The moon helps me. It always has. It spills just enough light on her room for me to see the details: her messy bed, her stack of books, the hair tie she left near her pillow, the faint smell of her shampoo lingering in the air.
It's unfair.
Everything she touches turns gentle.
Everything I touch becomes dangerous.
When I place the rose on her desk, something inside me twists with satisfaction. She'll see it and freeze. She'll feel watched. She'll feel chosen. She'll feel hunted.
Just the way I want.
I add a note beside the rose, handwritten, slanting to the right because I know she used to study the handwriting of her crushes in school like some hopeless romantic. She'll do it again now. She won't realize she's studying me.
You shouldn't smile at everyone.
Some smiles belong to me.
I leave before she comes back.
But not far.
I wait in the hallway, hidden behind the door of the supply closet. I can hear her footsteps approaching. Light. Tired. She drags them sometimes when she's had a long day. She hums a tune under her breath, completely unaware she's walking right into my trap.
The door clicks open.
Her breath catches.
There it is.
That beautiful silence where fear blooms.
She whispers something to herself. A question. A confused "who" or a trembling "what." She always does this thing where she tries to convince herself she's overthinking. I'm going to break that habit soon.
I hear her step closer.
The desk creaks slightly.
She lifts the rose.
I imagine her fingers brushing the petals, the softness of her touch against something meant for violence. She doesn't know flowers can be weapons when placed in the right hands.
I slip my phone out of my pocket.
The message is ready.
Did you like the gift?
Smile for me.
I'm watching.
She jumps when her phone vibrates.
I can hear the tiny gasp from here.
I can practically taste her fear.
She will run to the window next.
She will check if it's locked.
She will double-check the door.
She will question her own memory, wondering if she left the rose there herself.
She will tell no one at first.
She hates drama.
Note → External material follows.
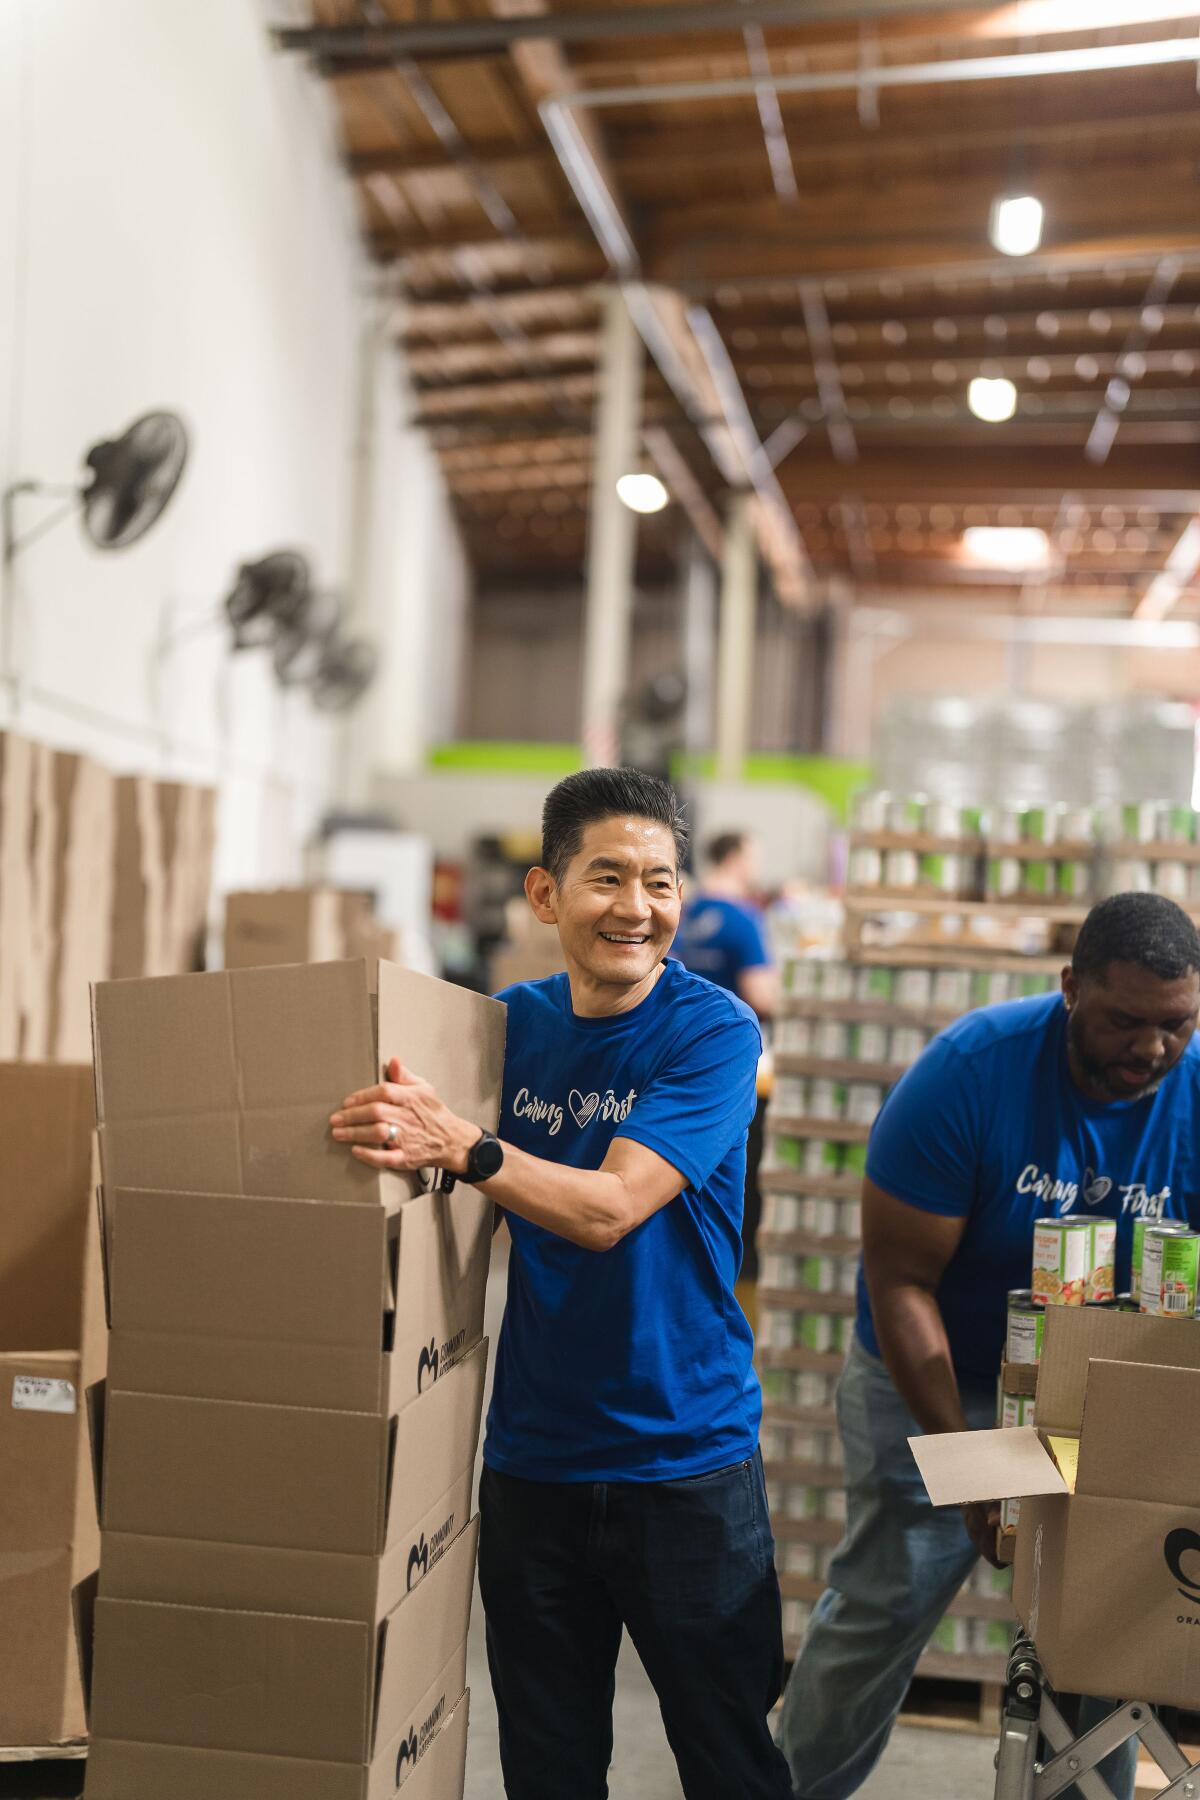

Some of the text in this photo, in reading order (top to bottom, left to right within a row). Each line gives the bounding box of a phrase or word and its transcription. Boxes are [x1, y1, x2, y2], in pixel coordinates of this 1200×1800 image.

[513, 1087, 638, 1136] Caring First
[1016, 1163, 1172, 1224] Caring First
She avoids attention when she's scared.
Good.
Secrets keep her close to me.
I hear her pacing.
Her anxiety is a rhythm I know too well.
Her breathing uneven.
Her footsteps quicker.
Her heartbeat—god, if only walls weren't in the way.
I send a second message.
Don't bother looking for me.
I was always here.
Then I slip out of the building before she even thinks to check the hallway.
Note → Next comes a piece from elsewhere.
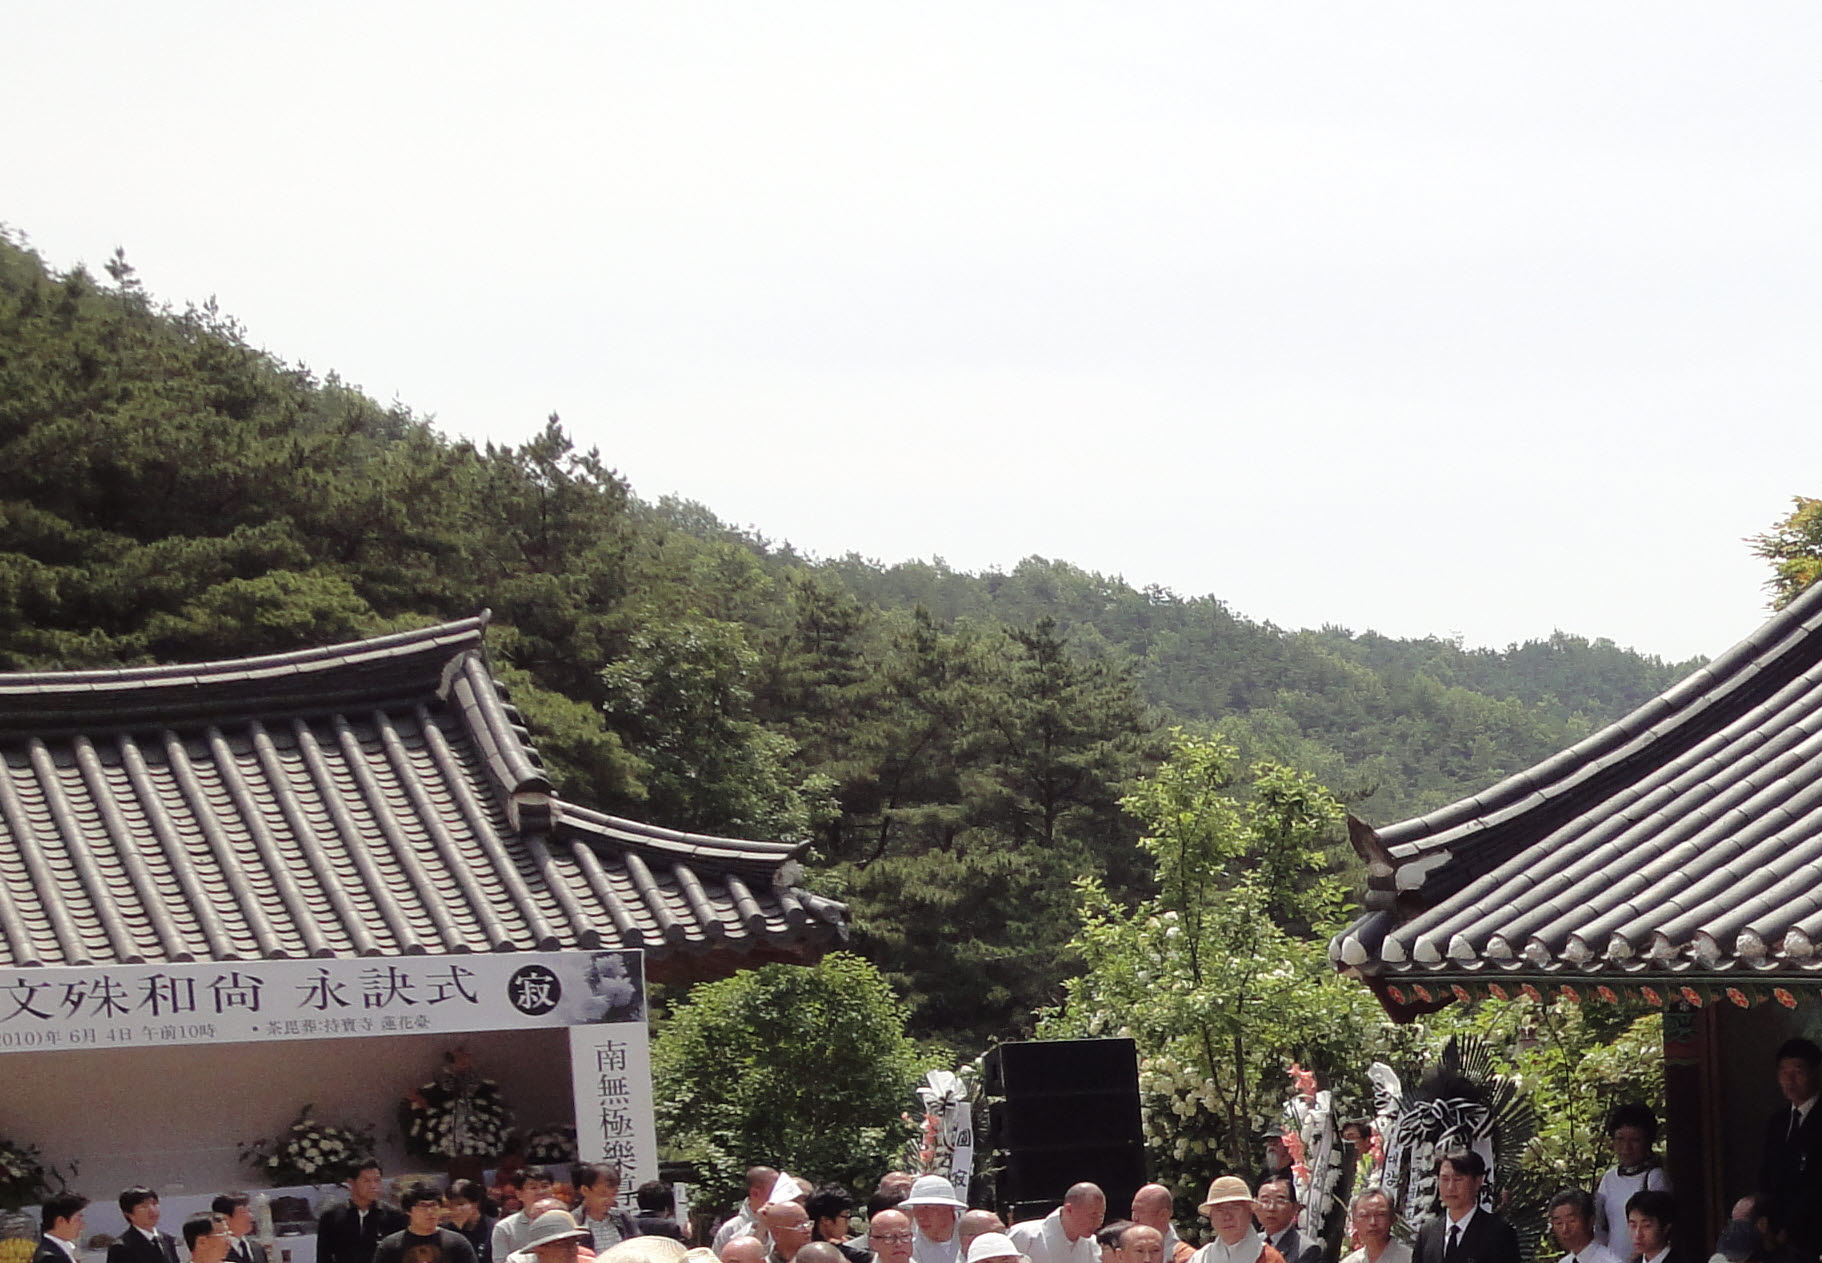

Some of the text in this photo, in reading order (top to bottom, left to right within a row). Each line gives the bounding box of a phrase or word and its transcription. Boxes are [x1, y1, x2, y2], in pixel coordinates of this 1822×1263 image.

[296, 965, 478, 1010] 永訣式
[0, 1030, 61, 1046] 010)年
[69, 1028, 96, 1043] 6月
[106, 1027, 132, 1041] 4日
The night is colder when I step outside, but inside me, everything burns. She'll try to pretend she's fine tomorrow. She'll force a smile, laugh too loudly, brush it off as a prank.
But her eyes will betray her.
They always do.
She'll feel someone following her.
She'll lower her voice when she talks to boys.
She'll lock her window for a week, maybe two.
She'll keep checking her phone like it's a bomb.
And I'll be there.
Everywhere.
Always just one step behind her.
Or ahead.
She thinks a third person has entered her life.
Some stranger.
Some new threat.
How adorable.
There was never a third person.
There's only me.
And I'm not leaving.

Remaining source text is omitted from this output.